A mother and daughter are facing incest charges in…Oklahoma after authorities learned they were legally married earlier this year.  It is unclear what motivated Patricia Ann Spann, 43, and her daughter, Misty Velvet Dawn Spann, 25, to wed…Investigators also found Patricia Spann married her son in 2008.  He filed for an annulment 15 months later, citing “incest”…Police discovered the marriages late last month during a child welfare check-up.  Patricia Spann told investigators she had lost custody of her biological children as a young mother and only came into contact with her daughter two years ago…the couple believed the union was legal, since she was not listed as the biological mother on her daughter’s birth certificate.  Each woman faces up to 10 years in prison if convicted.

Neither Addiction Nor Epidemic weiners-weiner

Maybe if we keep repeating this enough, it will eventually sink into the thick public skull:

…Despite popular headlines and self-promoting TV doctors’ proclamations to the contrary, sex addiction isn’t real…There is no doubt that some people have trouble regulating their sexual thoughts, desires, and behaviors.  But addiction has a real meaning and a real clinical definition…When addicts…are shown pictures of their drug of choice there is a clear and uniform response in their P300 brain waves…However, when UCLA researchers studied the response to viewing sexually explicit images in people who self-defined as being unable to regulate their porn viewing, the results showed no similar response…In fact, they found the only thing correlated with brain wave activity was sexual desire such that the higher their self-reported sexual desire, the more brain wave activity they showed.  The authors concluded that there was no evidence to say that even problem sexual regulation fit the definition of addiction as defined by brain response and that these people simply had high sex drives…

Divided We Fall (#13)

Why does Gay, Inc never speak up for sex worker rights until it’s too late?
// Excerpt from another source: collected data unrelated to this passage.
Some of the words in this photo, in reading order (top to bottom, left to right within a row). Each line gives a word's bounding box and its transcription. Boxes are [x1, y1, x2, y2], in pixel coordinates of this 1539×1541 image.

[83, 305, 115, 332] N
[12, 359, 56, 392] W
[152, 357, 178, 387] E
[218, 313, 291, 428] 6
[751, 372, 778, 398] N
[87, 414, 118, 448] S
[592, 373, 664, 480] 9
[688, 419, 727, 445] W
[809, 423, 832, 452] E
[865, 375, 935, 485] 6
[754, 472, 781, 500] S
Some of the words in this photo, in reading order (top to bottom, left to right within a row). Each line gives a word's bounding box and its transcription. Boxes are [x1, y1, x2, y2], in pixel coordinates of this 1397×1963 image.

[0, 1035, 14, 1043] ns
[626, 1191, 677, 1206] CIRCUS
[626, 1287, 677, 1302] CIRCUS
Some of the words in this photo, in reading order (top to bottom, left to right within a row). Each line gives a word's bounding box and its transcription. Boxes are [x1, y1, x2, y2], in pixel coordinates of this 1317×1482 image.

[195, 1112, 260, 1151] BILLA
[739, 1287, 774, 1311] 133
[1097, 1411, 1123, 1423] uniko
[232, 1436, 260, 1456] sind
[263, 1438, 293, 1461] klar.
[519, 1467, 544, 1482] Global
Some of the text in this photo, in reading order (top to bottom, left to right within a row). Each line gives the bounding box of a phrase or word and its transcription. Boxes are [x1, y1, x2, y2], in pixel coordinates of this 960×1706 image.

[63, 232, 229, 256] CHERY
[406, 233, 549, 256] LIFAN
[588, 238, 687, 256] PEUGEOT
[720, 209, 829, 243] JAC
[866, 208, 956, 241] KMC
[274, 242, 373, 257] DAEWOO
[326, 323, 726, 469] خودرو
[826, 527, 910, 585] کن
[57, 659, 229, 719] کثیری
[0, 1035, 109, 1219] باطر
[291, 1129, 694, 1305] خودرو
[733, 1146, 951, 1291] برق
Indonesian police are taking aim at Grindr and other gay social networking apps following the arrest of three men accused of running a “gay prostitution ring” [advertising] underaged boys for sex.  The arrests come amid an unprecedented uproar about homosexuality in the country, where it has never been a major political issue before this year.  Members of the legislature announced…they would…ban “gay propaganda” online.  The country’s Constitutional Court is likewise currently in the middle of hearings on a petition to [criminalize]…all sex outside of marriage…Police have told local media they have identified 148 victims of the network, though only 27 of them are [supposedly younger than 18]…“More than a few gay communities have been growing and targeting kids as victims,” said Asruron Ni’am Sholeh, chair of the Child Protection Commission…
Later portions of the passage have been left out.